[Input data — start]

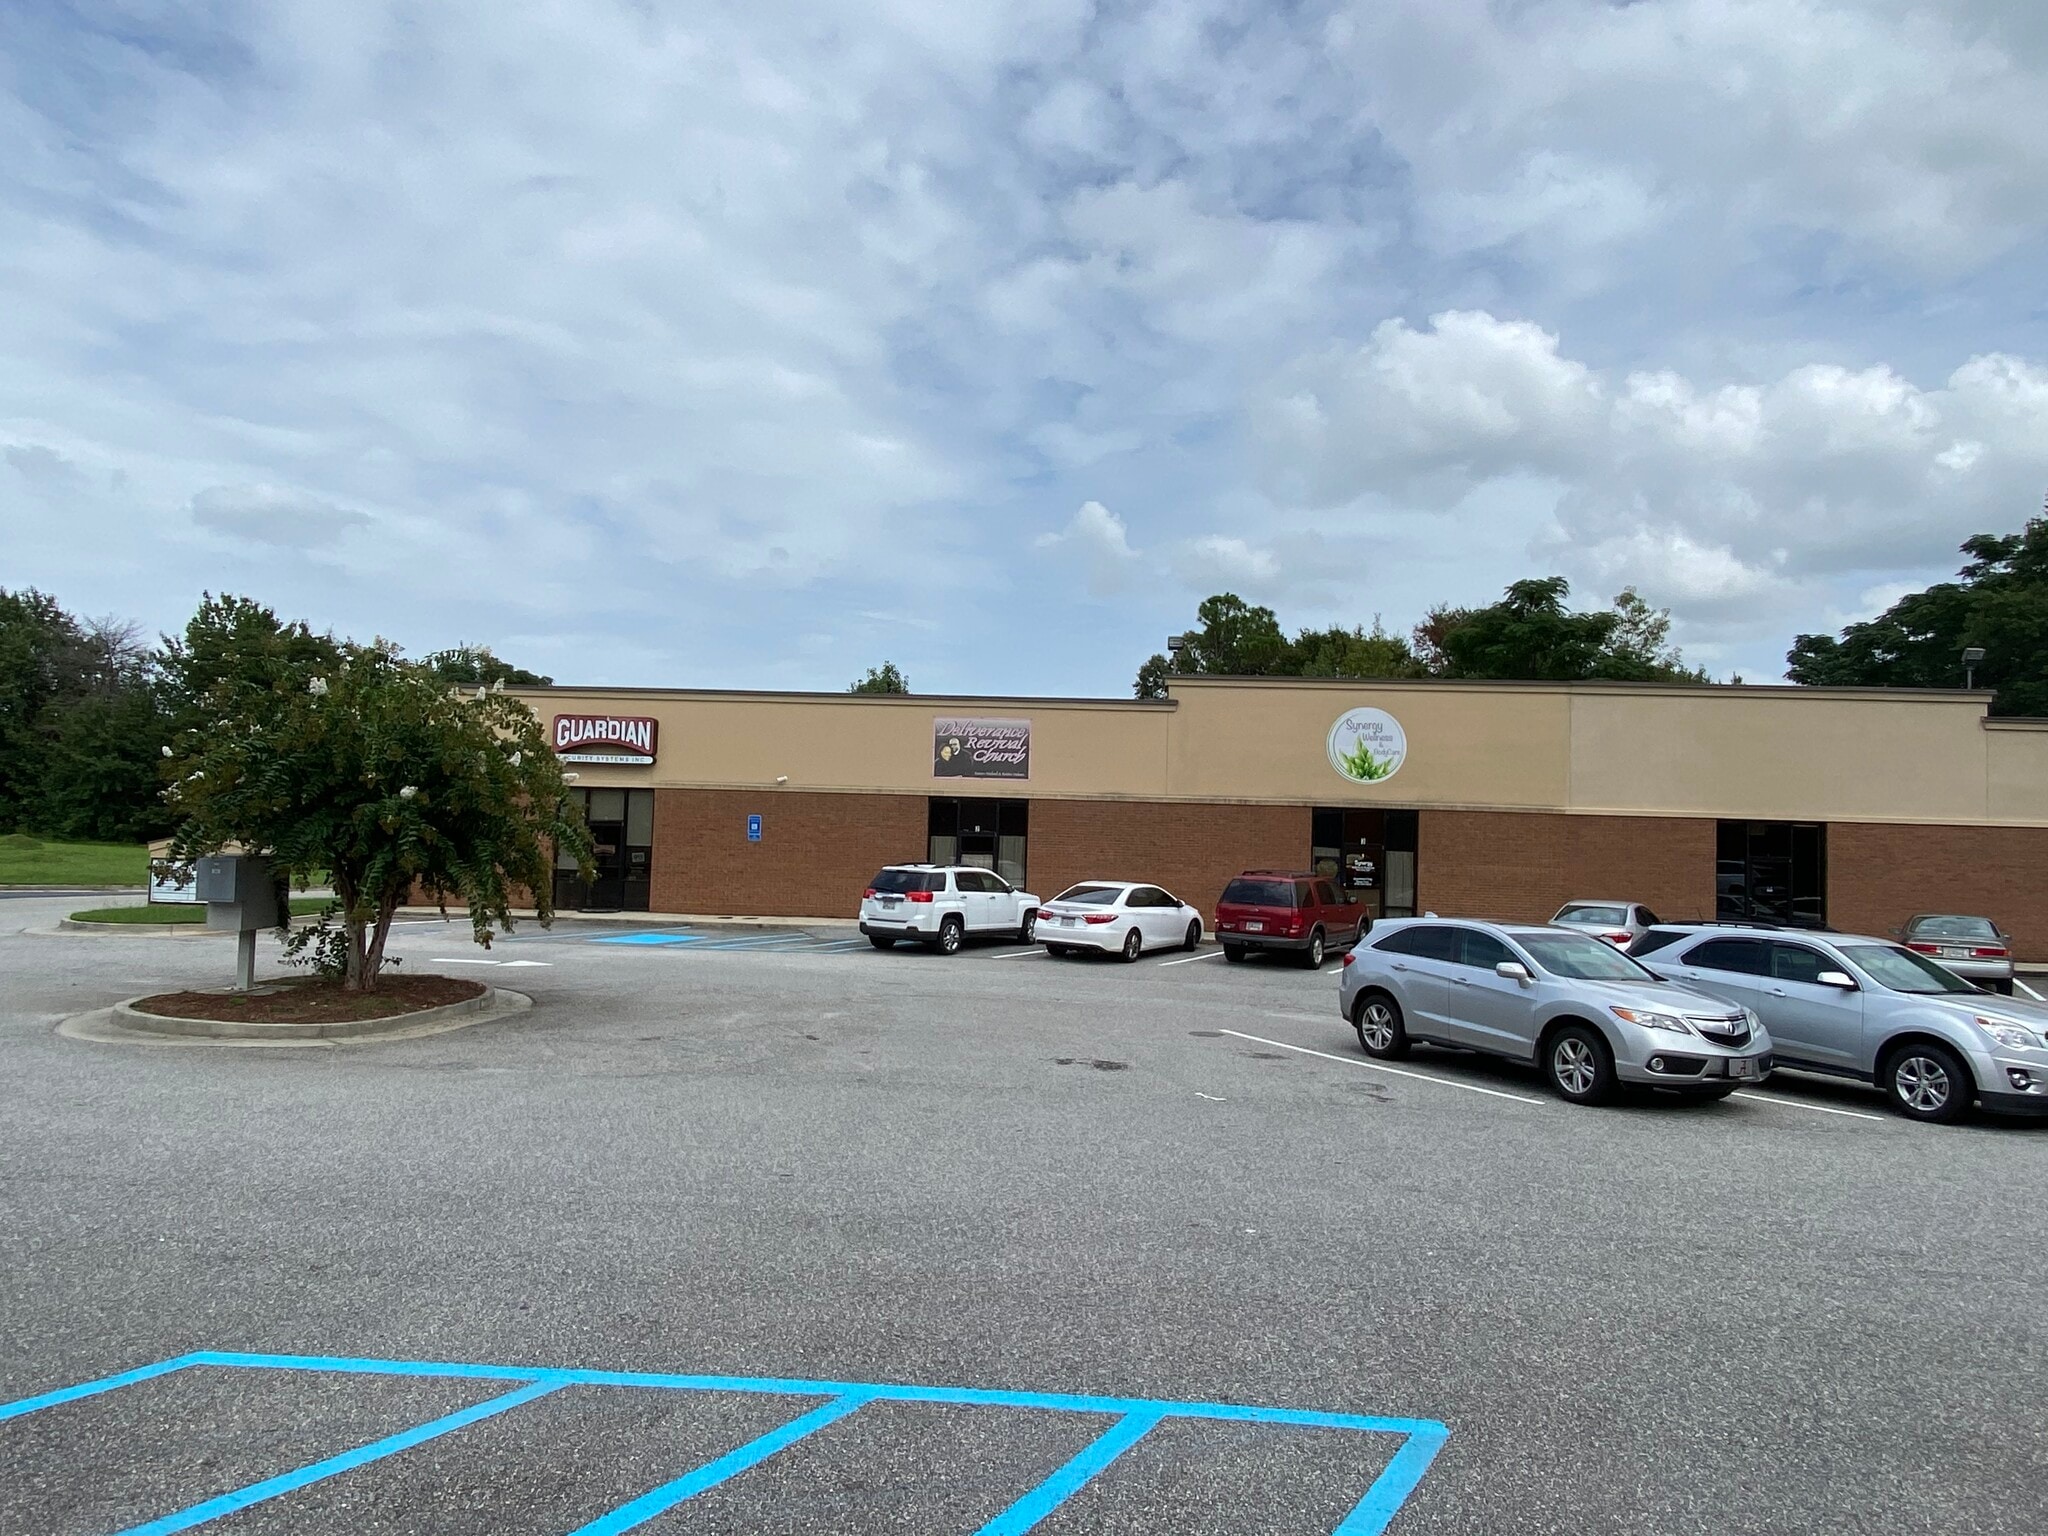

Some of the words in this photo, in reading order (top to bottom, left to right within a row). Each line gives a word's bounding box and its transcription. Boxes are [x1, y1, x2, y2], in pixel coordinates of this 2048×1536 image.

[937, 720, 1025, 739] Deliverance
[1346, 718, 1383, 733] Synergy
[556, 719, 651, 751] GUARDIAN
[964, 734, 1028, 750] Revival
[1362, 733, 1393, 741] Wellness
[973, 746, 1026, 765] Church

[Input data — finish]

Brief »
Repeat every entry exactly. Do not include the pictures.

Written reply »
Some of the words in this photo, in reading order (top to bottom, left to right within a row). Each line gives a word's bounding box and its transcription. Boxes are [x1, y1, x2, y2], in pixel coordinates of this 2048×1536 image.

[937, 720, 1025, 739] Deliverance
[1346, 718, 1383, 733] Synergy
[556, 719, 651, 751] GUARDIAN
[964, 734, 1028, 750] Revival
[1362, 733, 1393, 741] Wellness
[973, 746, 1026, 765] Church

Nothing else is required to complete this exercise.